Records shown section start

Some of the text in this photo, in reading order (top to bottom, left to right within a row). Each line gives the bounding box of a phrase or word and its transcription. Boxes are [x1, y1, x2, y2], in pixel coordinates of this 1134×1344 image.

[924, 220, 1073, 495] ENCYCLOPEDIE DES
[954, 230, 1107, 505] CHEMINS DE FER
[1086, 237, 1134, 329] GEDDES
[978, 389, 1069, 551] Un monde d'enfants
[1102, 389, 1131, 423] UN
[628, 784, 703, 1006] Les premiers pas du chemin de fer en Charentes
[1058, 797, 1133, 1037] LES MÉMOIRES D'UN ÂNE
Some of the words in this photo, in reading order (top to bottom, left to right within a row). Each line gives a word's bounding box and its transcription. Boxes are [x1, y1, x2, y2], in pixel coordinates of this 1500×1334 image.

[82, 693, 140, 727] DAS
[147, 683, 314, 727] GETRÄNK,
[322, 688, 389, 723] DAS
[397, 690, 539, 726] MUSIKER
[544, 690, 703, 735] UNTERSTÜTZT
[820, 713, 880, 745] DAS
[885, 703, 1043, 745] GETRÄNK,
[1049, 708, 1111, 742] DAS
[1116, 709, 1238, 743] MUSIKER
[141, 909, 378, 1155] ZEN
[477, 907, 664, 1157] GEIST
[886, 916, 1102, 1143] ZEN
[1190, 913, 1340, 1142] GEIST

Records shown section end

What you return should match, exactly, the stretch of the listing above that runs from the line with "Some of the words" to its last line.

Some of the words in this photo, in reading order (top to bottom, left to right within a row). Each line gives a word's bounding box and its transcription. Boxes are [x1, y1, x2, y2], in pixel coordinates of this 1500×1334 image.

[82, 693, 140, 727] DAS
[147, 683, 314, 727] GETRÄNK,
[322, 688, 389, 723] DAS
[397, 690, 539, 726] MUSIKER
[544, 690, 703, 735] UNTERSTÜTZT
[820, 713, 880, 745] DAS
[885, 703, 1043, 745] GETRÄNK,
[1049, 708, 1111, 742] DAS
[1116, 709, 1238, 743] MUSIKER
[141, 909, 378, 1155] ZEN
[477, 907, 664, 1157] GEIST
[886, 916, 1102, 1143] ZEN
[1190, 913, 1340, 1142] GEIST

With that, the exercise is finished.